After Ross’s post, I thought I’d better follow up on my format registry thoughts and show you all my response to Adam’s challenge. Using my weapon of choice, I was able create and populate a web site for collaboratively editing PRONOM data in just over one week’s worth of my spare time (six days FTE).
About half the time was spent configuring the web interface. No coding was required in order to do this – I just installed off-the-shelf Drupal modules and configured them. Perhaps the most critical module is the Content Construction Kit, as this allows custom content types to be built on top of the basic Drupal ‘node’ type. For example, I needed a ‘file extension’ field for each record, and this was implemented by creating a taxonomy field called ‘file_extensions’ and adding it to my Format content type. This makes it easy to discover known extensions and to group format records by extension.
The rest of the time was spent creating the script to upload the data from the PRONOM files into the site over XML-RPC. It’s not that much code, but I’ve never used XML-RPC before and don’t use Python all that often, so it took me a little while to make it work. The code is on github if you want to have a look. It’s not production-ready, but I think that’s okay for a proof-of-concept prototype. As I say on the site, please use the register link if you want an account so you can have a look at the content editing interface. Of course, it may not be precisely the interface one might choose to design, but I think this is a point worth compromising on.

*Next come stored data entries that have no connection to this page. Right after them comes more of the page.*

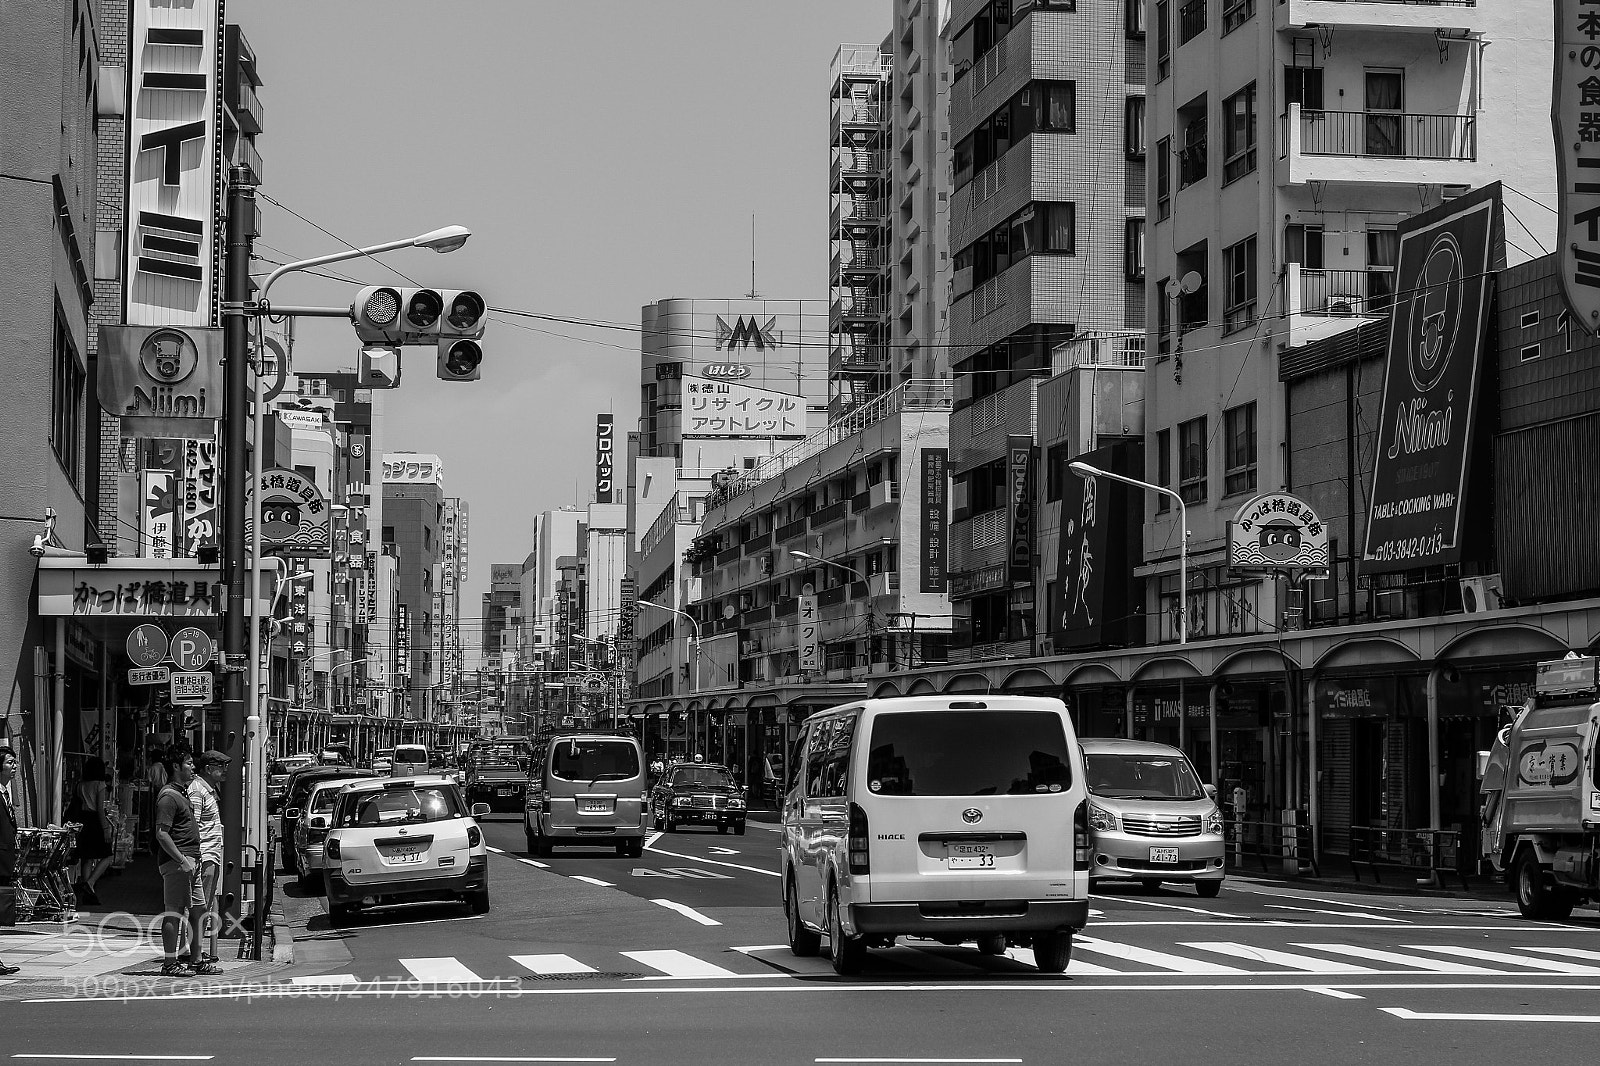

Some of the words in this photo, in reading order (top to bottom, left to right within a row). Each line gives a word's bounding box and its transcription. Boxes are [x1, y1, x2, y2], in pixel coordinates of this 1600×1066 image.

[1577, 0, 1600, 143] 本の食器
[126, 385, 206, 413] Niimi
[691, 397, 796, 412] リサイクル
[283, 412, 321, 423] KAWASAKI
[691, 416, 796, 431] アウトレット
[1388, 390, 1454, 459] Niimi
[598, 423, 613, 492] プロパック
[186, 440, 198, 510] 842-1480
[1011, 452, 1030, 563] Dr.Goods
[75, 581, 215, 606] かっぱ橋道具
[293, 585, 306, 653] 東洋商会
[180, 640, 196, 667] P
[979, 853, 994, 866] 33

In return, we get a lot of stuff for free:
It’s not a complete, polished implementation, but I just wanted to show that web interfaces are not that much work if you use the right tool for the job. In my opinion, if you find yourself writing things like user session management or URL aliasing code, you are probably Doing It Wrong. This stuff has been coded thousands of times, and there are multiple implementations on every platform (and available under open licenses) that will help you get started. By relaxing some of our more superficial constraints, we can get a long way very quickly by standing on the shoulders of the giants of web content management.
Comments
Revision permissions now fixed…
Oops, the node revisions were not public. I’ve fixed that now, and the ‘revisions’ link will work properly.
Group by file extensions?
Why do people group file formats by file extension?
I’ve seen 28 types of files that use the file extension .DOC. Many of those file types/formats are also seen with other file extensions, like .TXT, .DOT, .WMC, .MCW, etc.. This list doesn’t even cover half of the diiferent Document file formats that I’ve encountered, many of which never use the .DOC file extension.

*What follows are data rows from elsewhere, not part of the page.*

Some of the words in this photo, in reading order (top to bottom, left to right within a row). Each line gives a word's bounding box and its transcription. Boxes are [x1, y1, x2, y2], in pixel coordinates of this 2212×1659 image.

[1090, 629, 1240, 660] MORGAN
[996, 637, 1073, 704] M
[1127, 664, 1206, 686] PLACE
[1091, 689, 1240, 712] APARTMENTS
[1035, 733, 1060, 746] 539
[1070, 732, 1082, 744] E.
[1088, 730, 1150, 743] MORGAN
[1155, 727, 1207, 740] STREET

So, what do you gain by looking up the file extension .DOC? It doesn’t include all of the file formats that could be classified as documents. It isn’t an accurate method to identify what your mysterious .DOC file might be.
Is it a method for indexing file formats so that we can colaborate on them and use a reference to ensure we are all talking about the same file format?
Can’t we create an indexing method that doesn’t have duplicate entries? How about an integer index value, a bates number or something that looks like a MIME type? I realize that some databases are doing this, but their reference numbers are typically more human readable and not widely used. I prefer interger index values, in order to simplify software development. Then, we would need to encourage everyone to use the new index method to simplify coordination of all the indipendent databases. What is the chance of that happening?
Side question: How many file extensions does your database allow for each format, and how long can each file extension be? In my private database, I’ve found the need to support at least 8 file extensions (at a length of 15 characters each) for each file format.
Eaxamples:
PC Stomp Data .DB1, .DSX, .DWR, .LGS, .SY0, .DST, .DSN, .AP0
Paint Shop Pro Line Style .PSPSTYLEDLINE, .PSP
Resolving ambiguities…
File extensions are important because they are the primary (and often only) mechanism by which format identity is established ‘in the wild’, i.e. on people’s desktops, by associating sets of files with particular applications. Extensions rarely overlap in a problematic way for end users, and can always be overridden manually (Open with…). The web, of course, uses MIME types instead, but often the file extension is used to define the MIME type (mod_mime etc.), and once downloaded the extension usually overrides the MIME type.
This is why grouping by file format can be useful, as it enables us to list the applications that support a given file extension, and so provides a way to explore mysterious formats before the available identification tools support it. What better fall-back could we have for finding the right software for opening a file than the way operating systems do it? Having a list of 28 formats to go through is much better than having no clue at all.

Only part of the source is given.